* WHAT TO PRODUCE: Since pictures do not belong in the copy, please repeat every record below exactly without them.

Records from a data source:
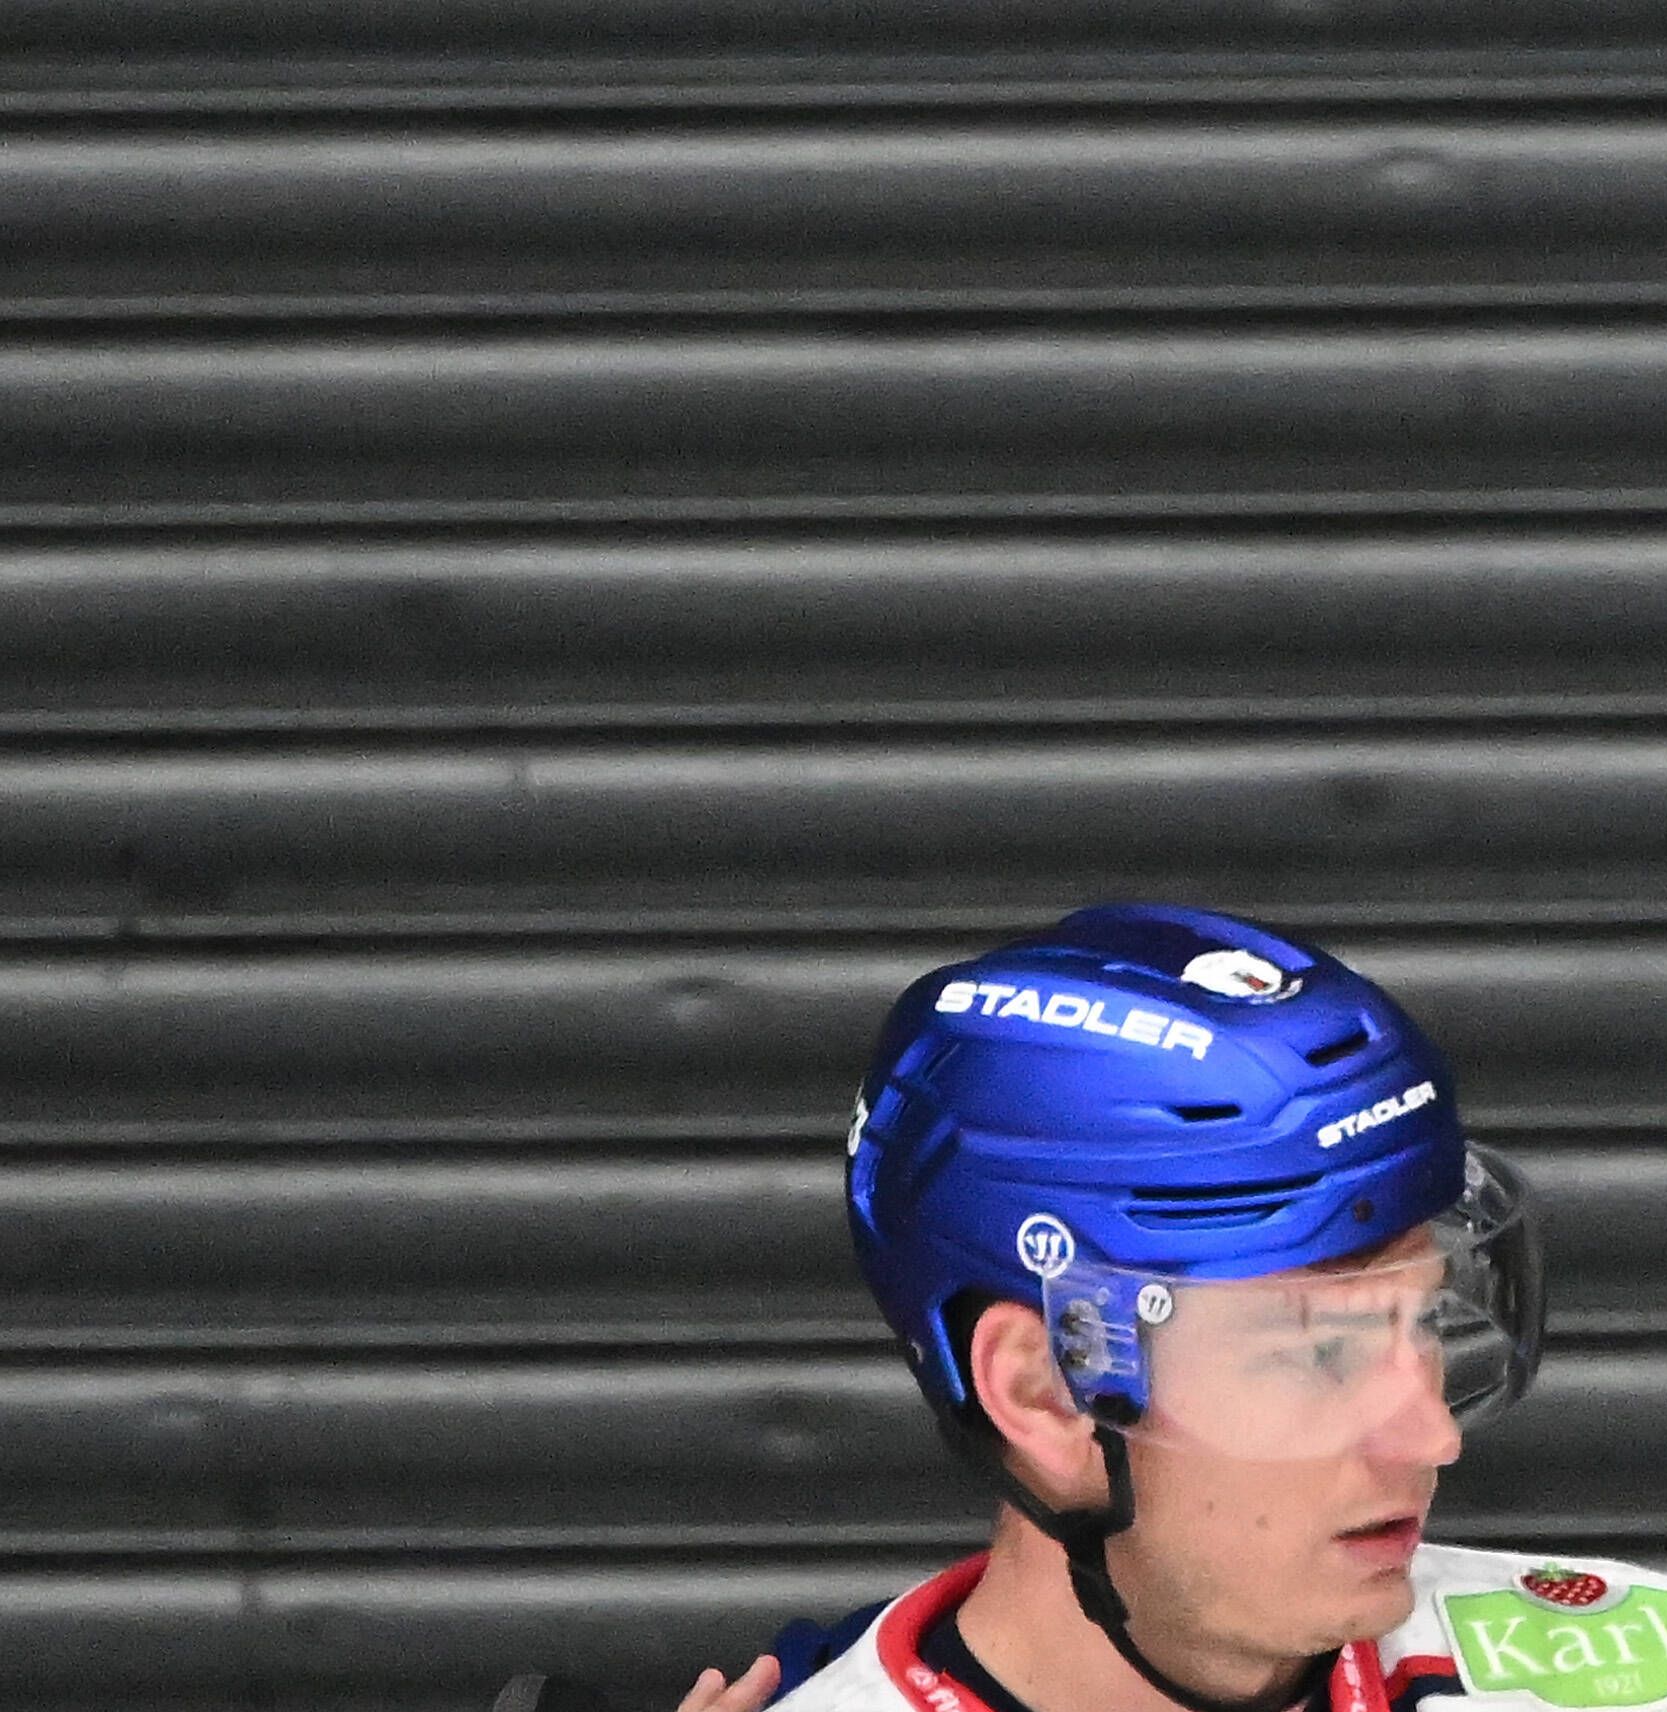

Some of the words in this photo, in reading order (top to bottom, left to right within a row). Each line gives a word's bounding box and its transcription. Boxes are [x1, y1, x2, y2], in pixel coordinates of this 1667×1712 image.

[934, 981, 1215, 1059] STADLER
[1316, 1080, 1438, 1148] STADLER
[1594, 1673, 1643, 1696] 1921
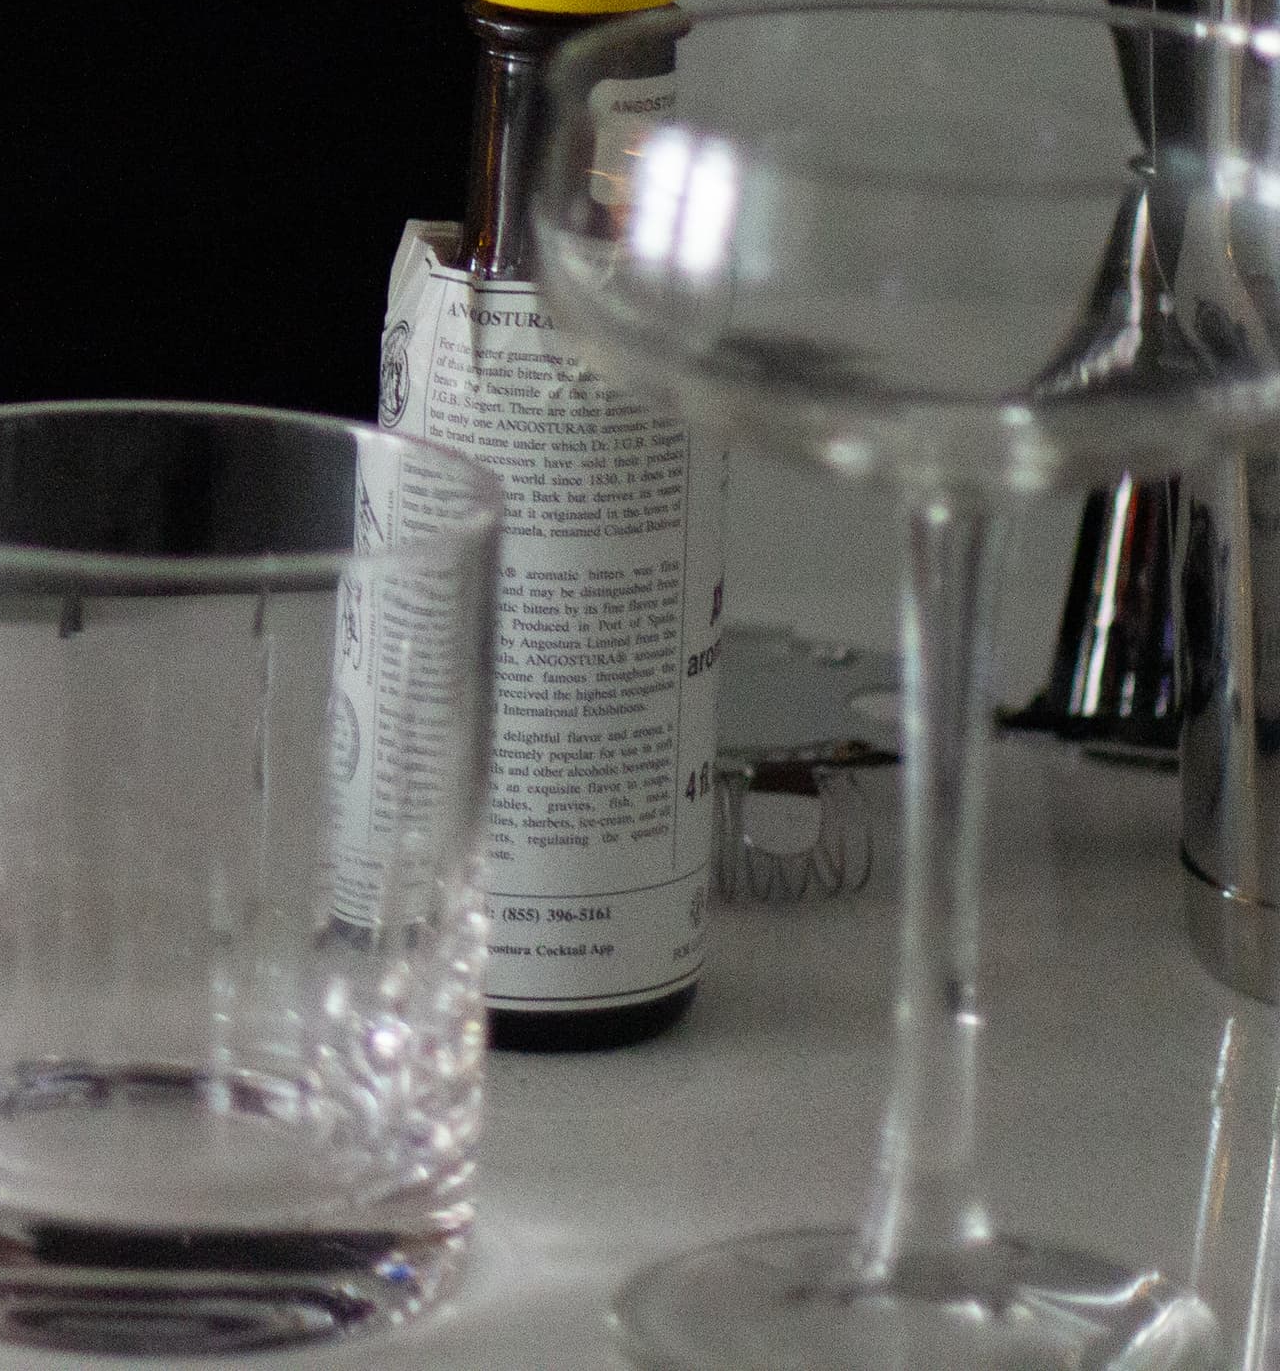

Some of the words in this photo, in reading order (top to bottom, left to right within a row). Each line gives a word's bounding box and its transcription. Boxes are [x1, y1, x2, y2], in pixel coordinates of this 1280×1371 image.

[448, 302, 555, 330] ANGOSTURA
[507, 354, 563, 366] guarantee
[517, 365, 553, 381] bitters
[486, 382, 541, 398] facsimile
[548, 387, 563, 399] of
[569, 387, 588, 400] the
[510, 401, 542, 415] There
[548, 407, 566, 416] are
[570, 406, 601, 417] other
[448, 412, 469, 425] only
[472, 418, 493, 429] one
[430, 426, 443, 437] the
[446, 428, 475, 444] brand
[479, 436, 509, 448] name
[513, 438, 547, 451] under
[551, 440, 587, 452] which
[591, 440, 609, 452] Dr.
[544, 457, 572, 469] have
[581, 456, 606, 468] sold
[614, 456, 639, 467] their
[647, 451, 684, 463] product
[511, 473, 546, 485] world
[551, 474, 583, 486] since
[589, 473, 621, 485] 1830.
[641, 469, 664, 482] does
[532, 491, 560, 502] Bark
[567, 490, 586, 502] but
[593, 490, 634, 501] derives
[639, 487, 652, 499] its
[658, 484, 682, 496] name
[528, 507, 536, 518] it
[541, 506, 602, 522] originated
[607, 507, 618, 518] in
[623, 505, 640, 517] the
[644, 503, 669, 513] town
[672, 499, 682, 511] of
[550, 526, 601, 537] renamed
[526, 569, 580, 581] aromatic
[588, 568, 624, 580] bitters
[633, 566, 654, 576] was
[661, 561, 679, 572] first
[502, 586, 524, 597] and
[529, 588, 554, 600] may
[560, 586, 575, 598] be
[580, 582, 652, 599] distinguished
[657, 578, 678, 590] from
[522, 603, 560, 615] bitters
[565, 603, 579, 617] by
[584, 604, 599, 614] its
[603, 602, 624, 613] fine
[628, 598, 658, 612] flavor
[662, 594, 678, 605] and
[512, 619, 570, 632] Produced
[578, 620, 590, 631] in
[598, 618, 622, 631] Port
[629, 616, 641, 628] of
[500, 636, 514, 648] by
[521, 638, 581, 650] Angostura
[586, 637, 630, 649] Limited
[636, 633, 659, 644] from
[663, 629, 676, 640] the
[634, 647, 676, 661] aromatic
[542, 671, 588, 683] famous
[595, 667, 655, 682] throughout
[661, 663, 676, 674] the
[498, 687, 549, 700] received
[553, 689, 571, 700] the
[575, 688, 617, 702] highest
[621, 680, 675, 698] recognition
[503, 704, 578, 718] International
[503, 730, 561, 745] delightful
[567, 731, 603, 743] flavor
[608, 729, 628, 741] and
[549, 749, 593, 762] popular
[599, 747, 615, 759] for
[621, 746, 638, 757] use
[642, 744, 652, 753] in
[508, 765, 529, 777] and
[533, 766, 563, 777] other
[567, 765, 618, 777] alcoholic
[506, 784, 521, 792] an
[527, 783, 581, 796] exquisite
[587, 781, 621, 794] flavor
[627, 780, 638, 790] in
[547, 801, 596, 814] gravies,
[609, 797, 634, 809] fish,
[522, 817, 575, 829] sherbets,
[638, 810, 656, 821] and
[660, 805, 670, 817] all
[527, 834, 590, 847] regulating
[601, 833, 620, 843] the
[502, 907, 540, 924] (855)
[546, 907, 612, 922] 396-5161
[536, 944, 586, 957] Cocktail
[590, 943, 615, 956] App
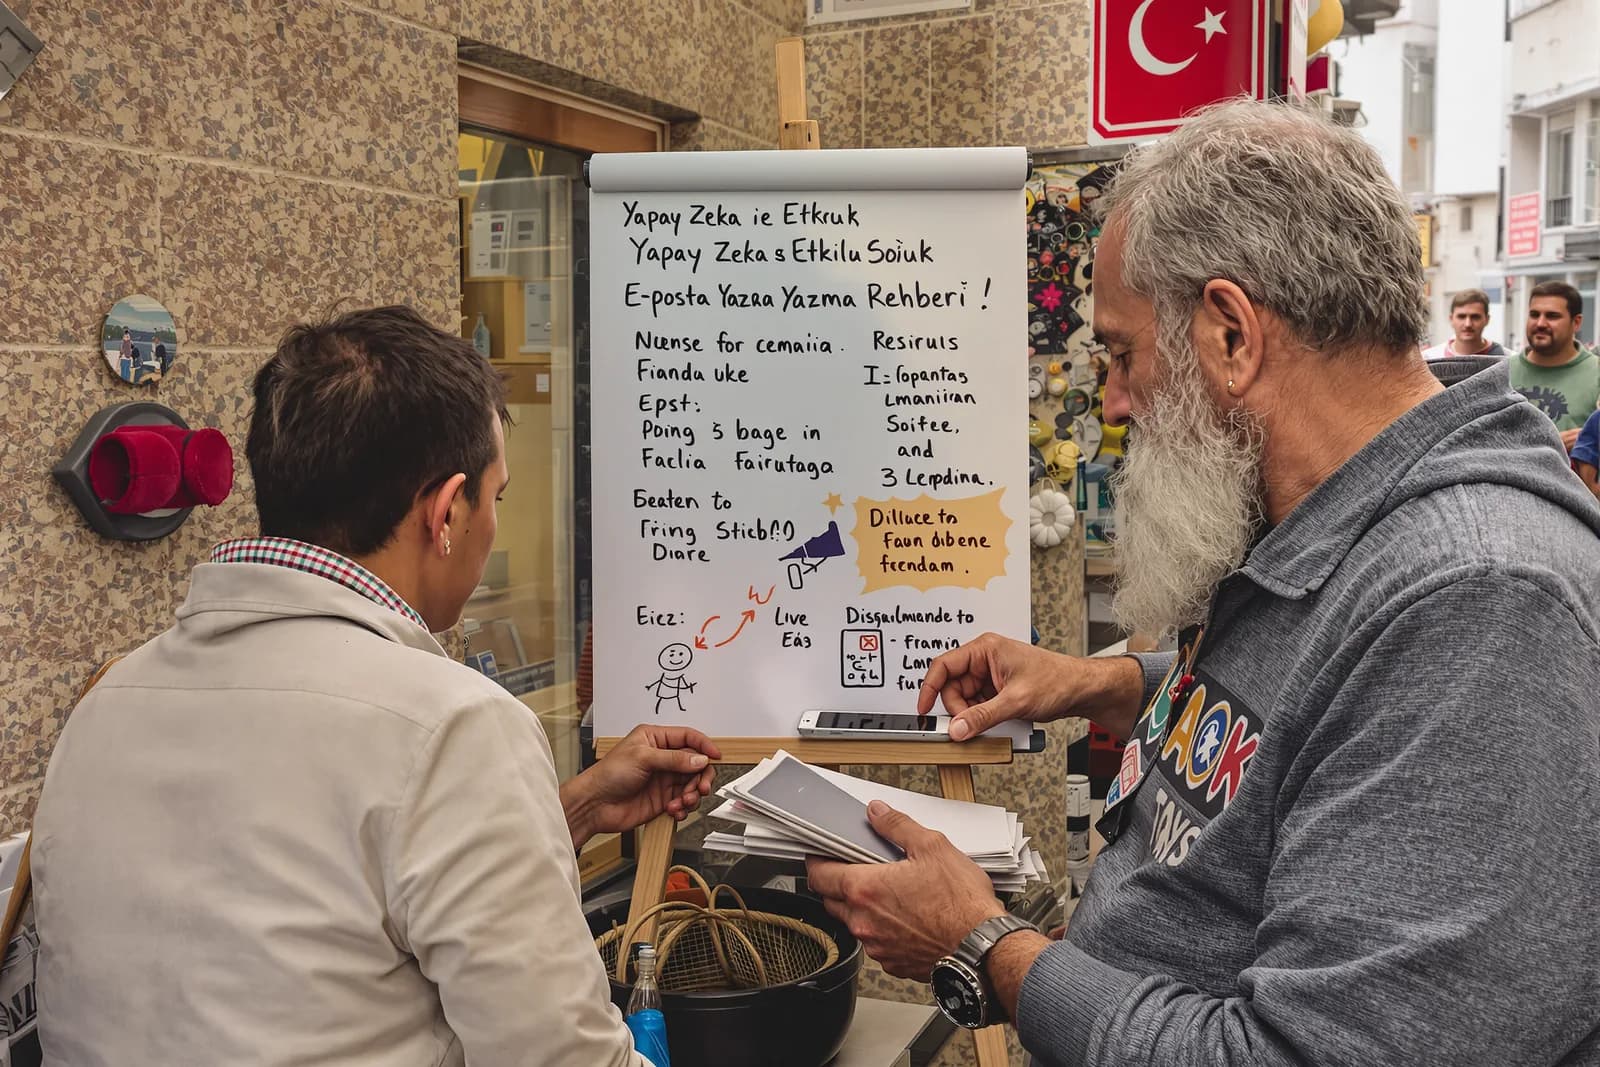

* REPLY TO THE TASK:
Some of the words in this photo, in reading order (top to bottom, left to right within a row). Each line gives a word's bounding box and its transcription. Boxes are [x1, y1, x2, y2], in pixel coordinates of this 1667×1712 image.

[934, 981, 1215, 1059] STADLER
[1316, 1080, 1438, 1148] STADLER
[1594, 1673, 1643, 1696] 1921

Some of the words in this photo, in reading order (top to bottom, left to right within a row). Each line gives a word's bounding box and its transcription. Boxes are [x1, y1, x2, y2], in pixel coordinates of this 1280×1371 image.

[448, 302, 555, 330] ANGOSTURA
[507, 354, 563, 366] guarantee
[517, 365, 553, 381] bitters
[486, 382, 541, 398] facsimile
[548, 387, 563, 399] of
[569, 387, 588, 400] the
[510, 401, 542, 415] There
[548, 407, 566, 416] are
[570, 406, 601, 417] other
[448, 412, 469, 425] only
[472, 418, 493, 429] one
[430, 426, 443, 437] the
[446, 428, 475, 444] brand
[479, 436, 509, 448] name
[513, 438, 547, 451] under
[551, 440, 587, 452] which
[591, 440, 609, 452] Dr.
[544, 457, 572, 469] have
[581, 456, 606, 468] sold
[614, 456, 639, 467] their
[647, 451, 684, 463] product
[511, 473, 546, 485] world
[551, 474, 583, 486] since
[589, 473, 621, 485] 1830.
[641, 469, 664, 482] does
[532, 491, 560, 502] Bark
[567, 490, 586, 502] but
[593, 490, 634, 501] derives
[639, 487, 652, 499] its
[658, 484, 682, 496] name
[528, 507, 536, 518] it
[541, 506, 602, 522] originated
[607, 507, 618, 518] in
[623, 505, 640, 517] the
[644, 503, 669, 513] town
[672, 499, 682, 511] of
[550, 526, 601, 537] renamed
[526, 569, 580, 581] aromatic
[588, 568, 624, 580] bitters
[633, 566, 654, 576] was
[661, 561, 679, 572] first
[502, 586, 524, 597] and
[529, 588, 554, 600] may
[560, 586, 575, 598] be
[580, 582, 652, 599] distinguished
[657, 578, 678, 590] from
[522, 603, 560, 615] bitters
[565, 603, 579, 617] by
[584, 604, 599, 614] its
[603, 602, 624, 613] fine
[628, 598, 658, 612] flavor
[662, 594, 678, 605] and
[512, 619, 570, 632] Produced
[578, 620, 590, 631] in
[598, 618, 622, 631] Port
[629, 616, 641, 628] of
[500, 636, 514, 648] by
[521, 638, 581, 650] Angostura
[586, 637, 630, 649] Limited
[636, 633, 659, 644] from
[663, 629, 676, 640] the
[634, 647, 676, 661] aromatic
[542, 671, 588, 683] famous
[595, 667, 655, 682] throughout
[661, 663, 676, 674] the
[498, 687, 549, 700] received
[553, 689, 571, 700] the
[575, 688, 617, 702] highest
[621, 680, 675, 698] recognition
[503, 704, 578, 718] International
[503, 730, 561, 745] delightful
[567, 731, 603, 743] flavor
[608, 729, 628, 741] and
[549, 749, 593, 762] popular
[599, 747, 615, 759] for
[621, 746, 638, 757] use
[642, 744, 652, 753] in
[508, 765, 529, 777] and
[533, 766, 563, 777] other
[567, 765, 618, 777] alcoholic
[506, 784, 521, 792] an
[527, 783, 581, 796] exquisite
[587, 781, 621, 794] flavor
[627, 780, 638, 790] in
[547, 801, 596, 814] gravies,
[609, 797, 634, 809] fish,
[522, 817, 575, 829] sherbets,
[638, 810, 656, 821] and
[660, 805, 670, 817] all
[527, 834, 590, 847] regulating
[601, 833, 620, 843] the
[502, 907, 540, 924] (855)
[546, 907, 612, 922] 396-5161
[536, 944, 586, 957] Cocktail
[590, 943, 615, 956] App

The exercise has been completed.